All of the records below must be output exactly, with no pictures carried over.

═══ DATA FOR THIS EXERCISE

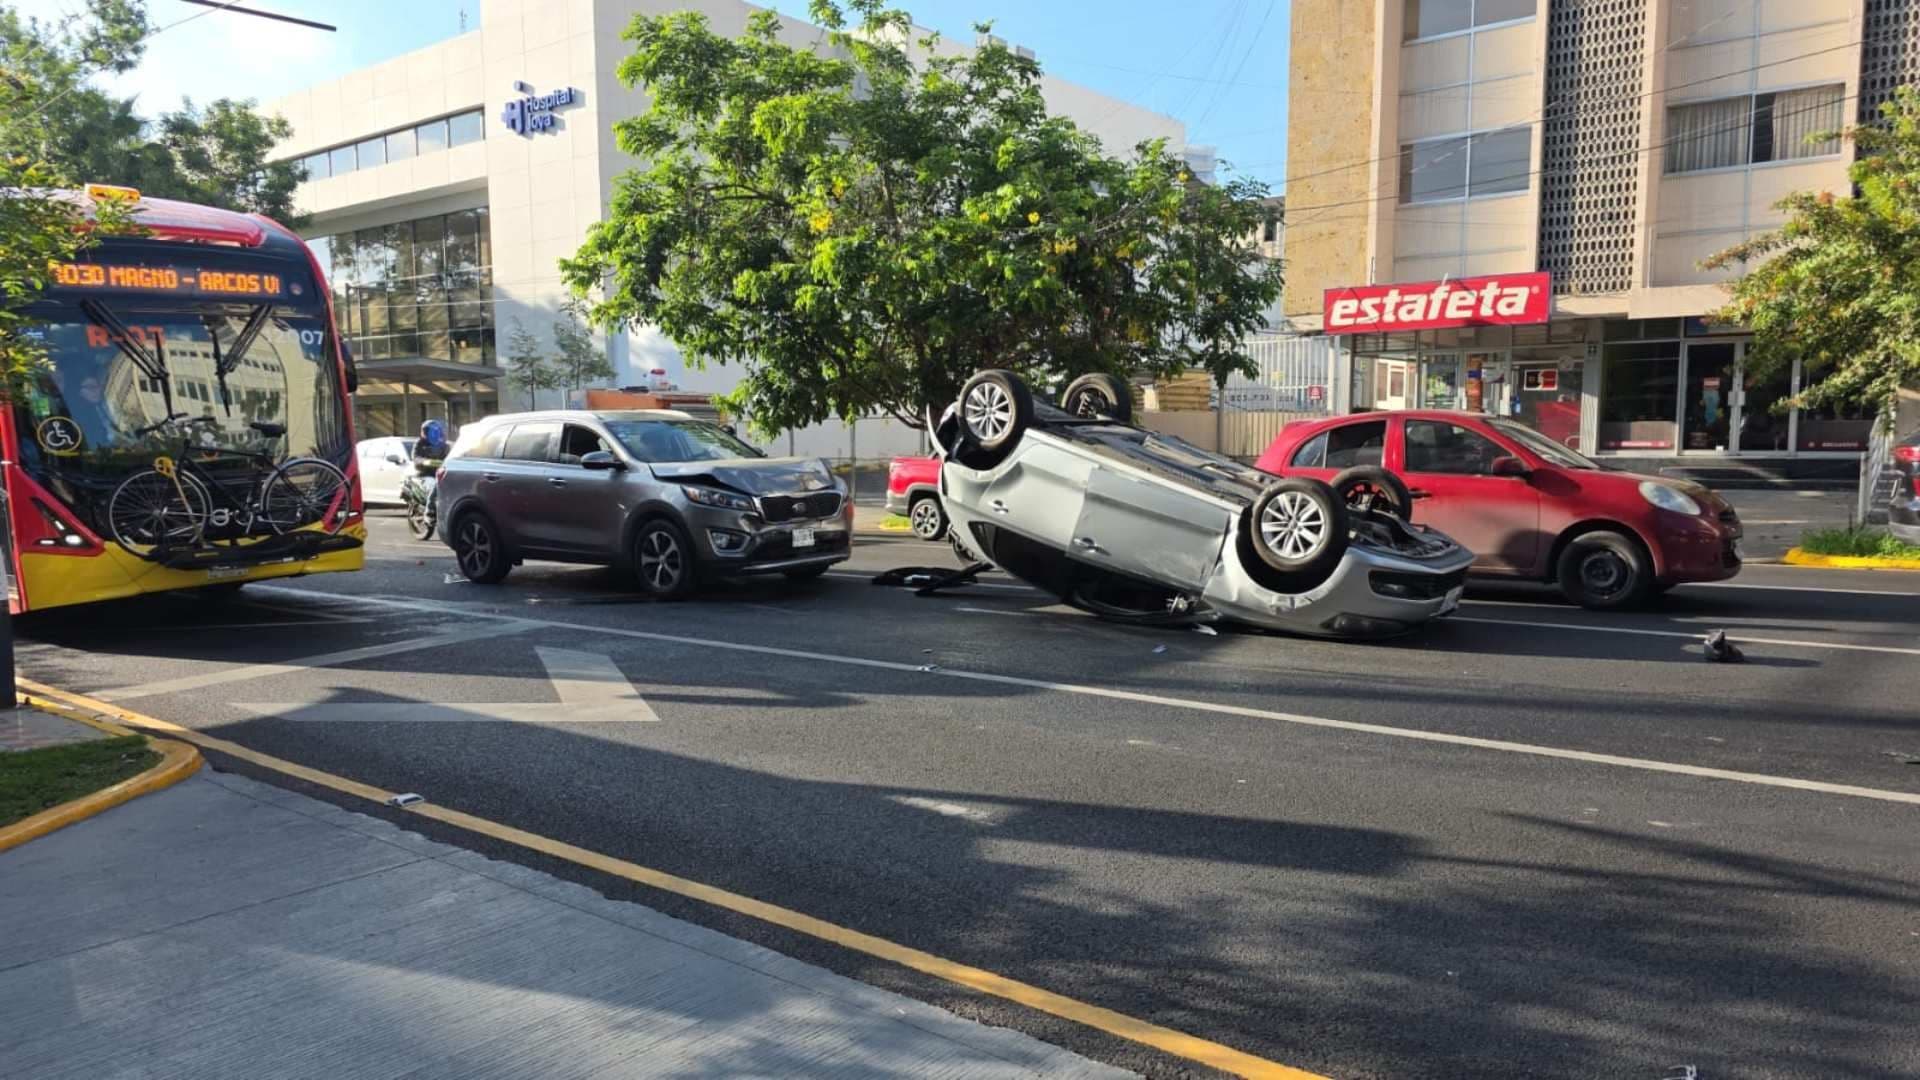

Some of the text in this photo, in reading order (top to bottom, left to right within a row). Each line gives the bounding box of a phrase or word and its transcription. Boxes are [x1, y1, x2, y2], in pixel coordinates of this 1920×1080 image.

[525, 87, 572, 114] Hospital
[109, 266, 178, 288] MAGNO
[199, 271, 260, 293] ARCOS
[1329, 281, 1530, 327] estafeta
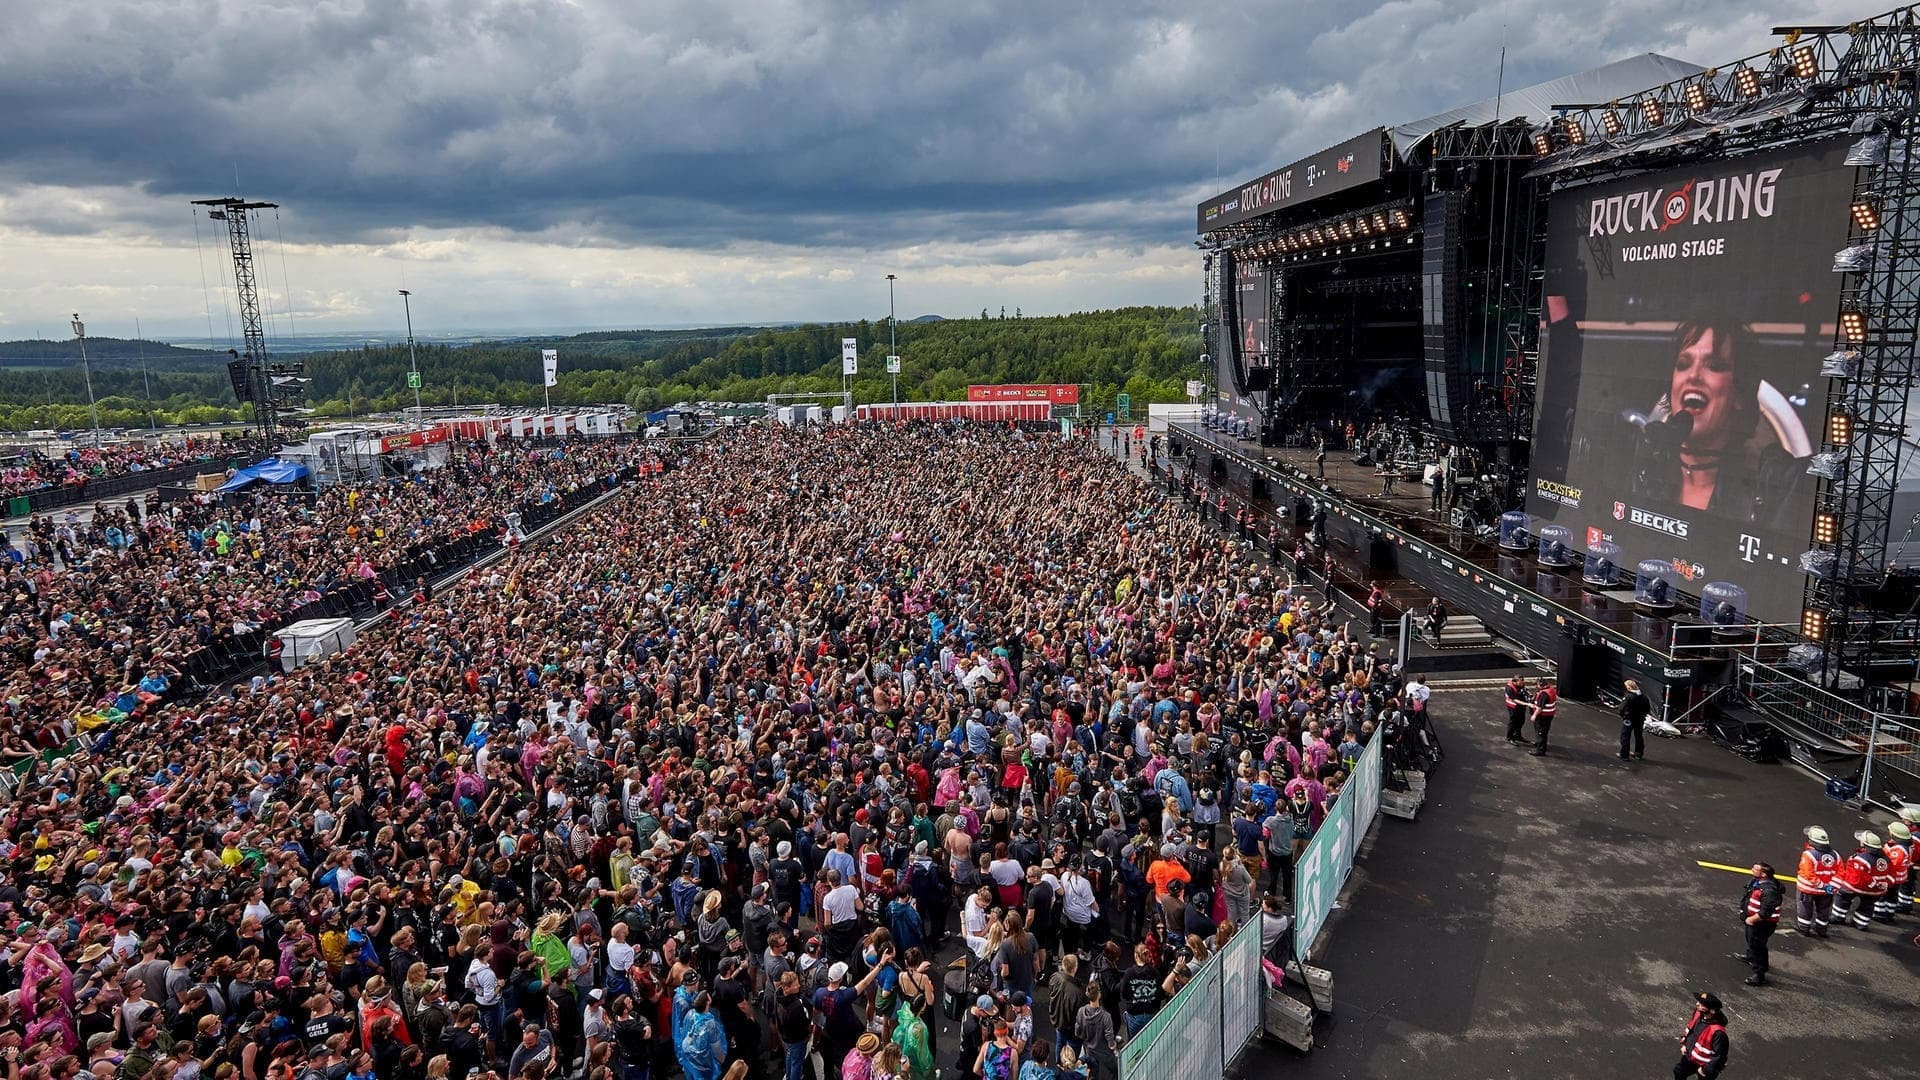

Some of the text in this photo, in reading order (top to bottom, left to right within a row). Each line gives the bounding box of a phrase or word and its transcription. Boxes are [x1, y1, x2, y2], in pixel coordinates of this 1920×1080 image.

[1241, 170, 1293, 213] ROCK RING
[1589, 188, 1664, 238] ROCK
[1692, 168, 1784, 225] RING
[1622, 238, 1725, 262] VOLCANO STAGE
[1536, 478, 1581, 500] ROCKSTAR
[1630, 509, 1689, 538] BECK'S
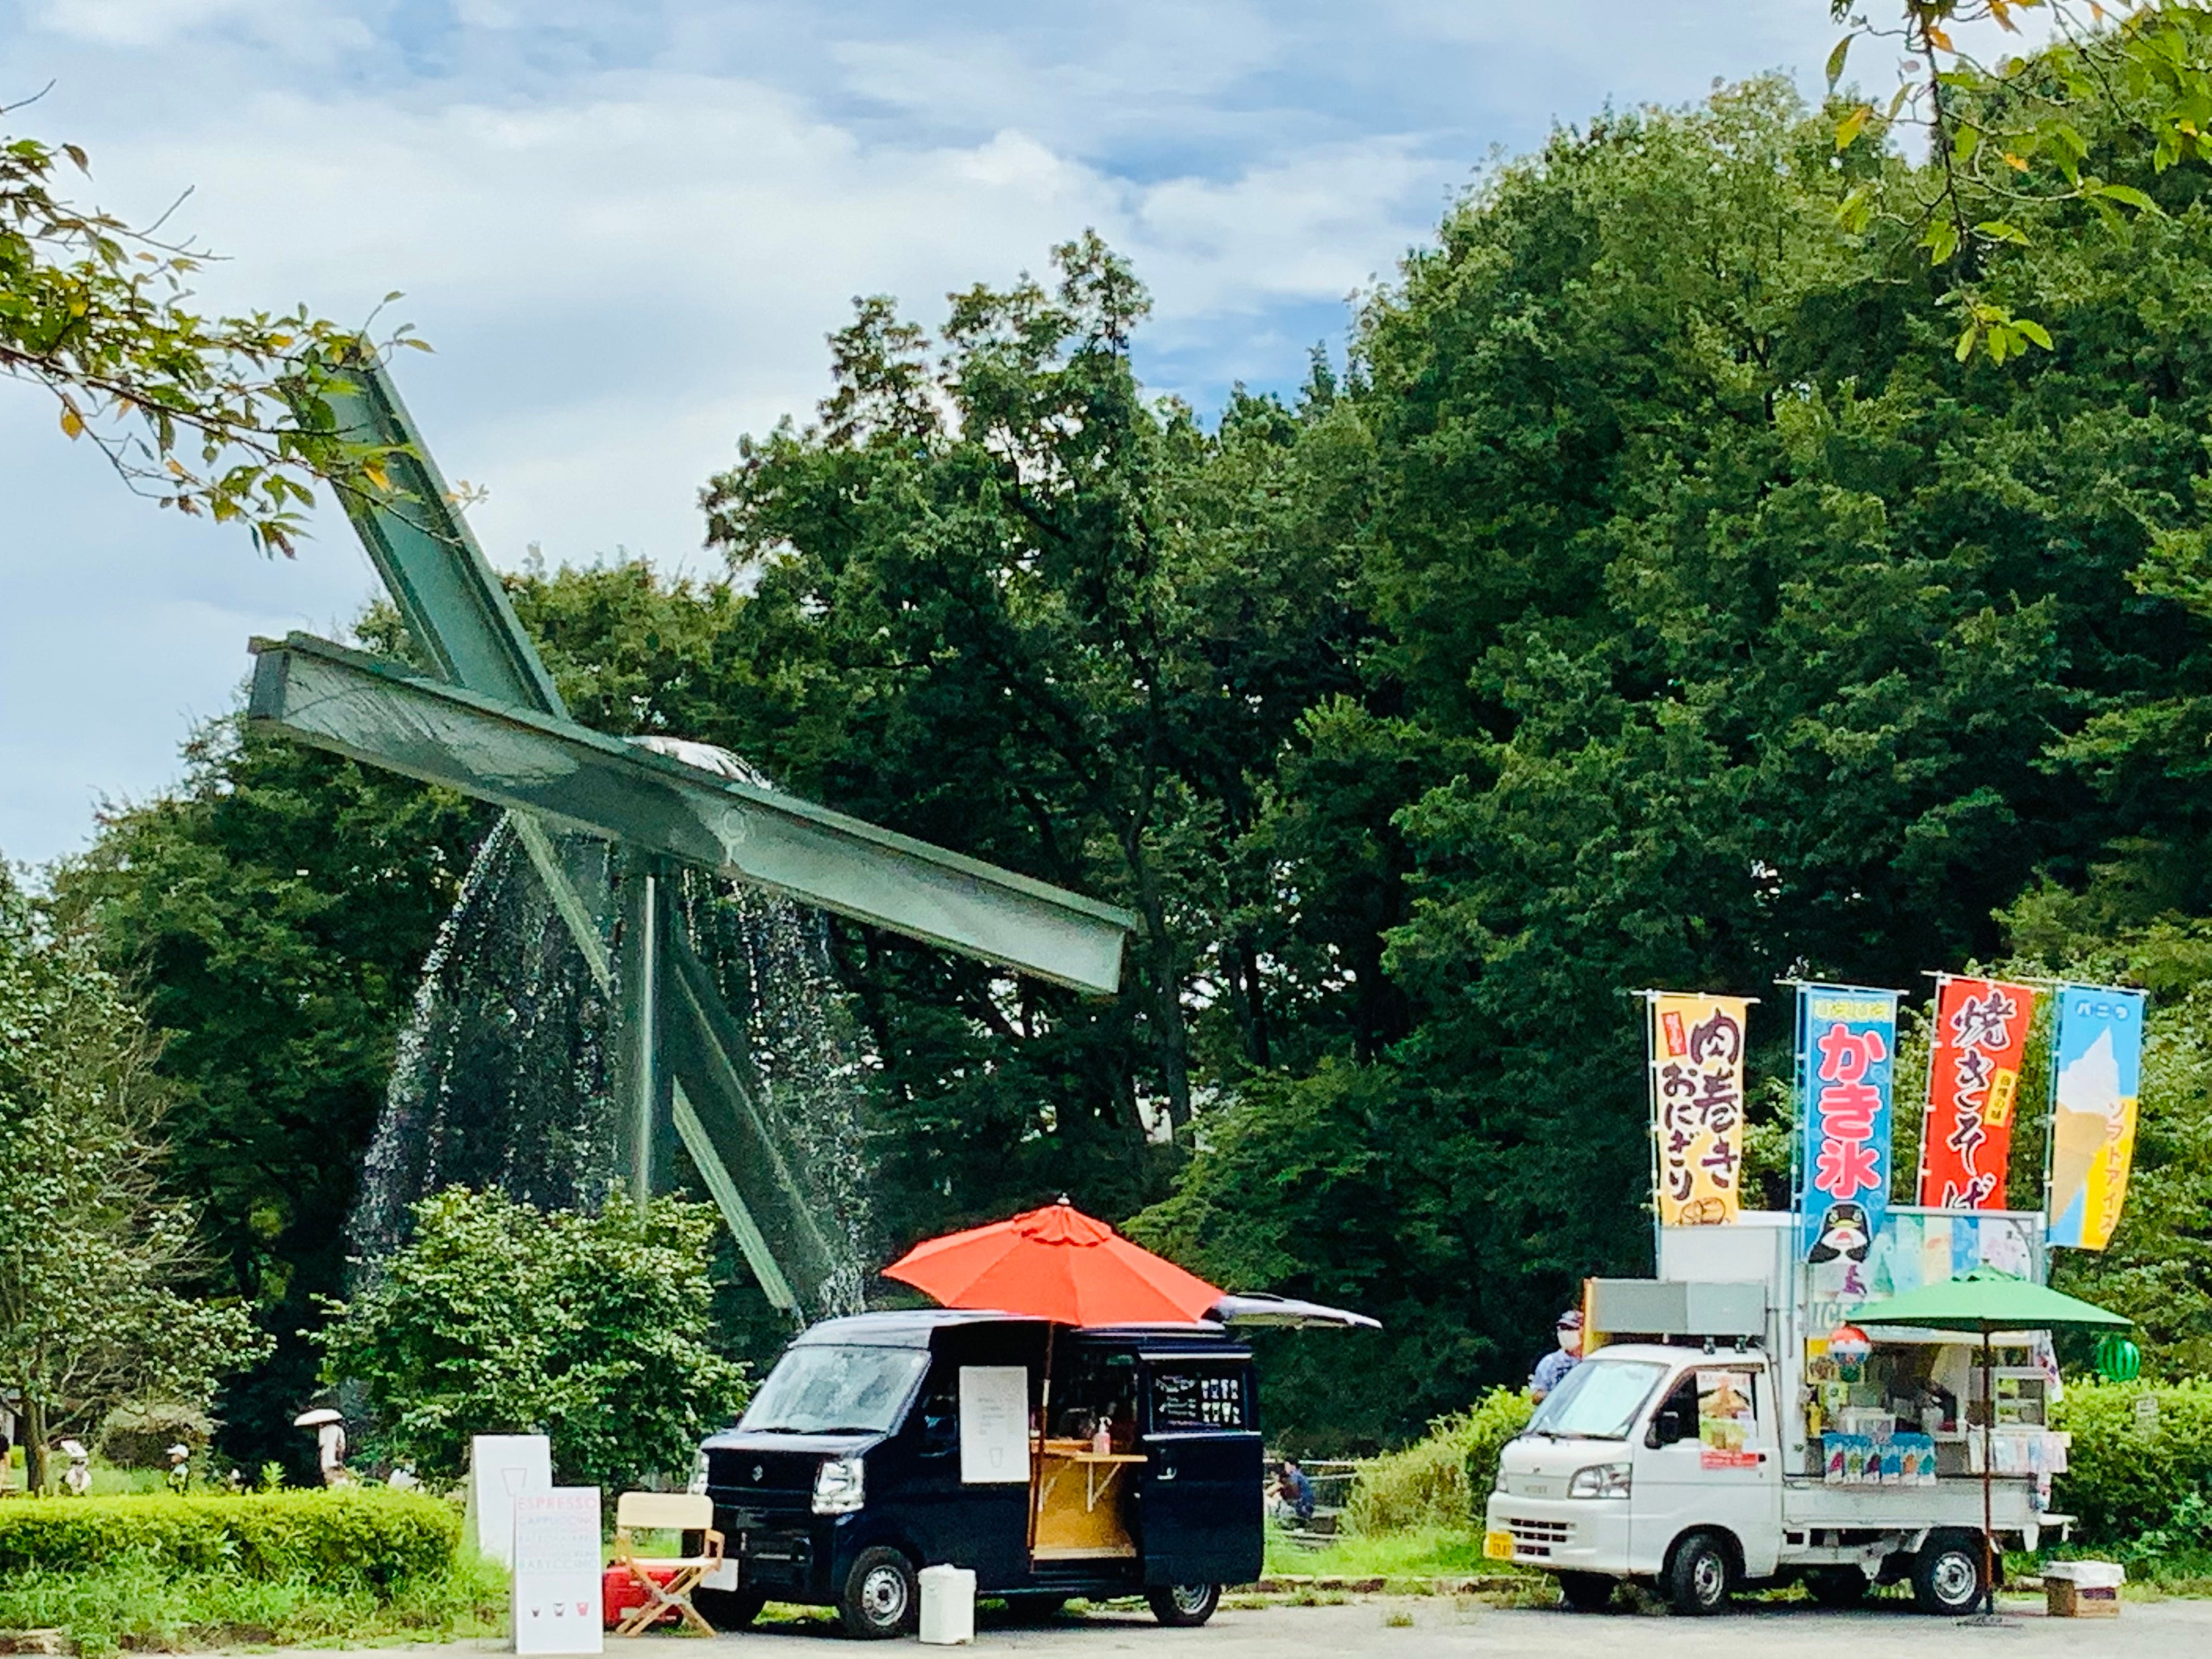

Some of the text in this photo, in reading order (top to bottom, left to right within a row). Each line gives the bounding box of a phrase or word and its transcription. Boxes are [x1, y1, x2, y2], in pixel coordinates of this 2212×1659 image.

══════

* SOLUTION FOR THIS EXERCISE
Some of the text in this photo, in reading order (top to bottom, left to right within a row). Each line gives the bounding box of a phrase or word and its transcription. Boxes are [x1, y1, x2, y2], in pixel coordinates of this 1920×1080 image.

[525, 87, 572, 114] Hospital
[109, 266, 178, 288] MAGNO
[199, 271, 260, 293] ARCOS
[1329, 281, 1530, 327] estafeta

Some of the text in this photo, in reading order (top to bottom, left to right within a row). Each line gives the bounding box of a phrase or word and its transcription. Boxes are [x1, y1, x2, y2], in pixel coordinates of this 1920×1080 image.

[1241, 170, 1293, 213] ROCK RING
[1589, 188, 1664, 238] ROCK
[1692, 168, 1784, 225] RING
[1622, 238, 1725, 262] VOLCANO STAGE
[1536, 478, 1581, 500] ROCKSTAR
[1630, 509, 1689, 538] BECK'S

Some of the text in this photo, in reading order (top to bottom, left to right within a row). Each line gives the bounding box of a phrase or word and its transcription. Boxes are [x1, y1, x2, y2], in pixel coordinates of this 2212×1659 image.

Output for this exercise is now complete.